Finally, it prints the average loss and the overall accuracy percentage.

Python

# --- 5. Knowledge Distillation Loss and Training ---

def distillation_loss(student_logits, labels, teacher_logits, T, alpha):
    """
    Calculates the knowledge distillation loss.
    ...
    """
    
    # 1. Distillation Loss (Soft Loss)
    # Use KLDivLoss, which expects log-probabilities (log_softmax) as input
    # and probabilities (softmax) as target.
    
    soft_loss = nn.KLDivLoss(reduction='batchmean')(
        F.log_softmax(student_logits / T, dim=1),
        F.softmax(teacher_logits / T, dim=1)
    ) * (T * T) # Scale the loss by T^2 as proposed in the original paper

    # 2. Student Loss (Hard Loss)
    # Standard cross-entropy loss between student logits and true labels
    hard_loss = F.cross_entropy(student_logits, labels)

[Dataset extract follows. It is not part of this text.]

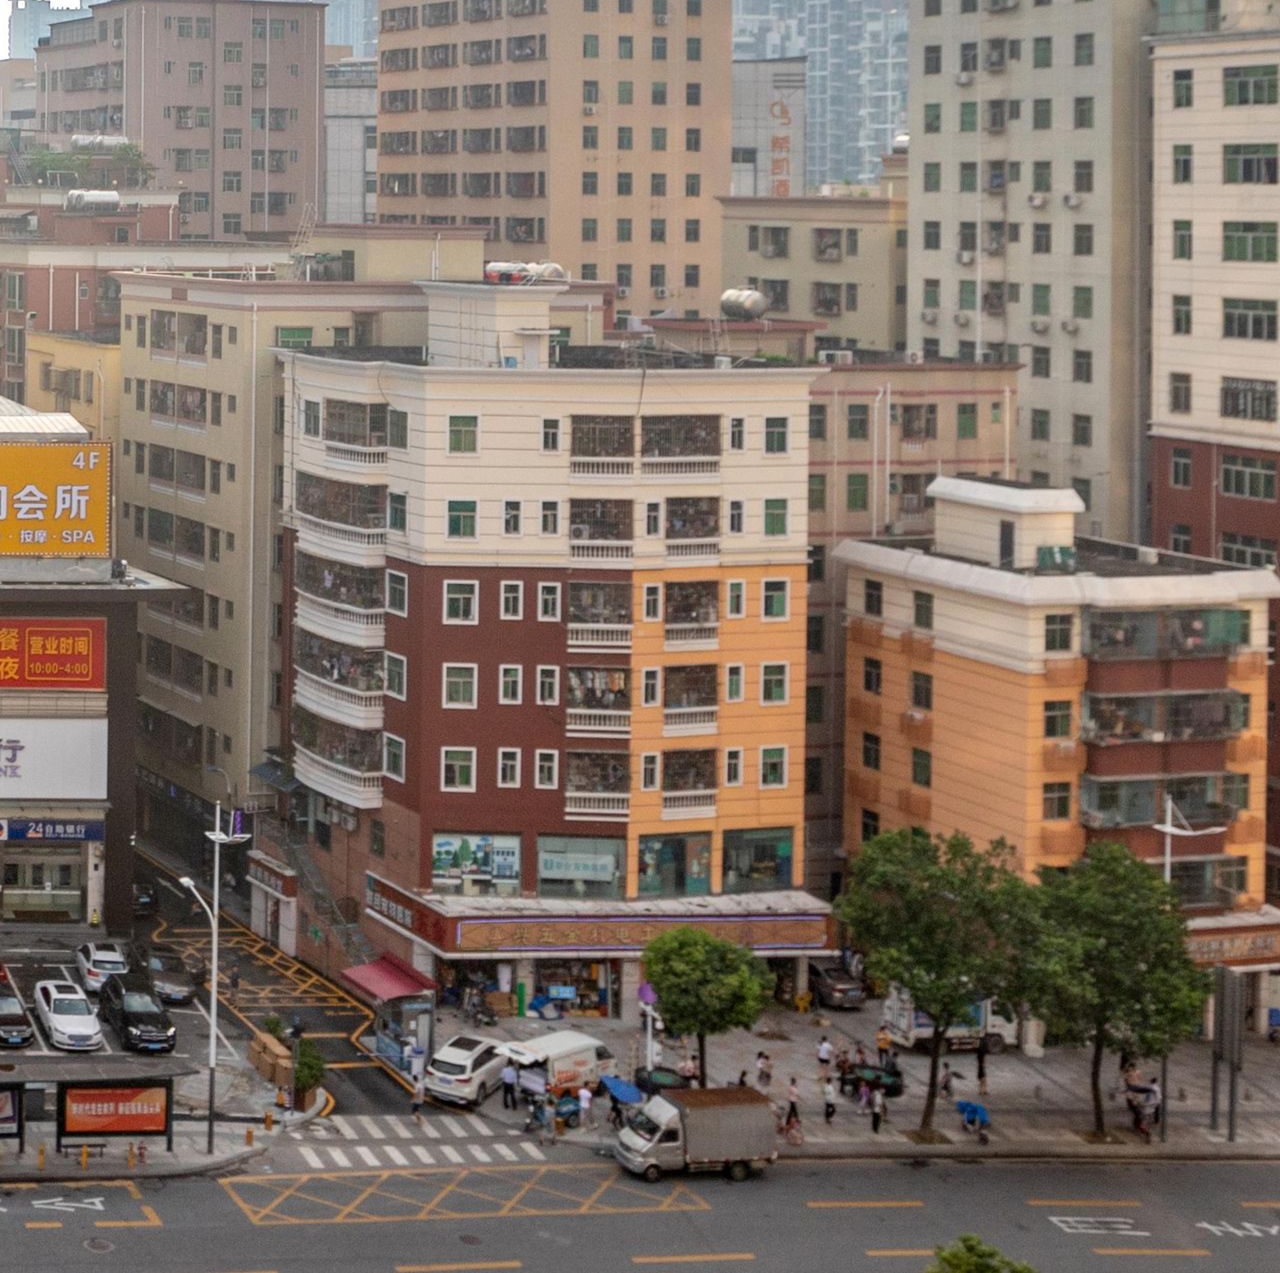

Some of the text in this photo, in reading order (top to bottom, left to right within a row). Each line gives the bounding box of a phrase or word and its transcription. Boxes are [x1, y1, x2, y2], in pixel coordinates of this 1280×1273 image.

[72, 451, 100, 469] 4F
[30, 637, 88, 655] 营业时间
[30, 663, 88, 674] 10:00-4:00

    # 3. Combine the losses
    combined_loss = alpha * hard_loss + (1 - alpha) * soft_loss
    return combined_loss

This is the heart of the Knowledge Distillation logic. This custom loss function combines two separate losses:

Soft Loss: This is the “distillation” part.
- student_logits / T and teacher_logits / T: The outputs of both models are divided by the TEMPERATURE (T=10) to “soften” them.
- F.log_softmax and F.softmax: We create probability distributions from the softened logits.
- nn.KLDivLoss: The Kullback-Leibler Divergence Loss. This measures how different the student’s probability distribution is from the teacher’s. The goal is to minimize this difference, forcing the student to mimic the teacher’s “thought process.”
- * (T * T): This scaling factor is part of the original distillation paper. It’s needed to properly scale the gradients, which are reduced by the softening process.
Hard Loss: This is the F.cross_entropy loss we used before. It compares the student’s logits to the actual, true labels.
Combined Loss: The final loss is a weighted sum, controlled by ALPHA. Since ALPHA = 0.1, the loss is 10% from the true labels and 90% from mimicking the teacher.

Python

def train_distillation(student, teacher, train_loader, optimizer, epoch, T, alpha):
    """Training loop for knowledge distillation."""
    student.train()
    teacher.eval() # Teacher is in eval mode and its weights are frozen
    
    for batch_idx, (data, target) in enumerate(train_loader):
        data, target = data.to(device), target.to(device)
        
        optimizer.zero_grad()
        
        # Get student's output
        student_logits = student(data)
        
        # Get teacher's output (with no_grad to freeze it)
        with torch.no_grad():
            teacher_logits = teacher(data)
        
        # Calculate the distillation loss
        loss = distillation_loss(student_logits, target, teacher_logits, T, alpha)
        
        loss.backward()
        optimizer.step()
        
    print(f"Train Epoch: {epoch} \tKD Loss: {loss.item():.6f}")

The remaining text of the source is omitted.